Fliegauf grew up with Roma friends and had a Roma girlfriend
as a teenager, but then lost touch with the community.
He says it was only during his year of research for the film
that he realised how difficult their plight had become since the
fall of communism some two decades ago.
"After the political system changed, of course they were
laid off first and that's when the situation got bad," he said.
The director depicts and denounces prejudices against the
Roma in "Just the Wind". The mother works from dawn to dusk but
is accused of laziness, while the daughter is diligent at school
but is suspected of stealing.
The term Roma refers to various groups of people who
describe themselves as Roma, Gypsies, Travellers, Manouches,
Ashkali, Sinti and other titles.
They have been migrating across Europe for centuries and now
form the biggest ethnic minority in the European Union.

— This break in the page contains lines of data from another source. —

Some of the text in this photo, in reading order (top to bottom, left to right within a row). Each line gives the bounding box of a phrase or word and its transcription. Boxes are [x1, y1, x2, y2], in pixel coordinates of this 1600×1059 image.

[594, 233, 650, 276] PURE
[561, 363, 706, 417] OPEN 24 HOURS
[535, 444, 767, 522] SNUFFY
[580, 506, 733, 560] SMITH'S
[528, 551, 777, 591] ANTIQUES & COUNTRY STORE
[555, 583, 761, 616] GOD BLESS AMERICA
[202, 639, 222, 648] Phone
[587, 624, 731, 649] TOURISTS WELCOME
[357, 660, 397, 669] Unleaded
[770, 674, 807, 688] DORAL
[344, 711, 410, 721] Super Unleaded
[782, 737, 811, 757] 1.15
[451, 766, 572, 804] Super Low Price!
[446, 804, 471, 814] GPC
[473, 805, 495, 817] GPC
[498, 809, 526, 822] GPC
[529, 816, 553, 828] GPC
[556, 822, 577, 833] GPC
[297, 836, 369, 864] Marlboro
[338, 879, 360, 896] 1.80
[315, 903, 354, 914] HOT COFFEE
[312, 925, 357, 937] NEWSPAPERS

Anti-Roma tensions loom large in Hungary, which has long
struggled to integrate the large community.
Katalin Toldi, who plays the family's mother Mari in the
film although she had never previously acted, said she was
terrified during the recent spate of violence.
"I was wondering, what will happen if they come to my home,
and my father or my child is killed," she said.

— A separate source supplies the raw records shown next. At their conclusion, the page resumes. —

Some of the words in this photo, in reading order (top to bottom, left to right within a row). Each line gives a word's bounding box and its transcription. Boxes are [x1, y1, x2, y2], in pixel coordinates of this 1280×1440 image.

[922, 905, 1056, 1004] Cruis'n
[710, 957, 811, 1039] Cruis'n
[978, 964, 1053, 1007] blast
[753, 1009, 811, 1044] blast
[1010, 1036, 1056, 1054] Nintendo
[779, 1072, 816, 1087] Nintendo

At a news conference for "Just the Wind", Hungary's Justice
Ministry surprised the film's crew by handing out pamphlets
stressing it was fictional and highlighting measures taken to
support the Roma.
Fliegauf said he was surprised some people were critical of
the film for painting a negative image of Hungary.
"For the image of a country, it is very important that
social criticism can be treated in a film and that there are no
taboos," he said.
Hungary's government provoked European outcry last year with
a new media law that critics say curbed the independence of the
media and freedom of expression.
The Berlin Film Festival, which runs until Feb. 19, has a
reputation for engaging in political debate -- last year it
became a platform to protest against the arrest of Iranian
director Jafar Panahi.
(Reporting By Sarah Marsh; Additional reporting by Tanya Wood;
Editing by Sophie Hares)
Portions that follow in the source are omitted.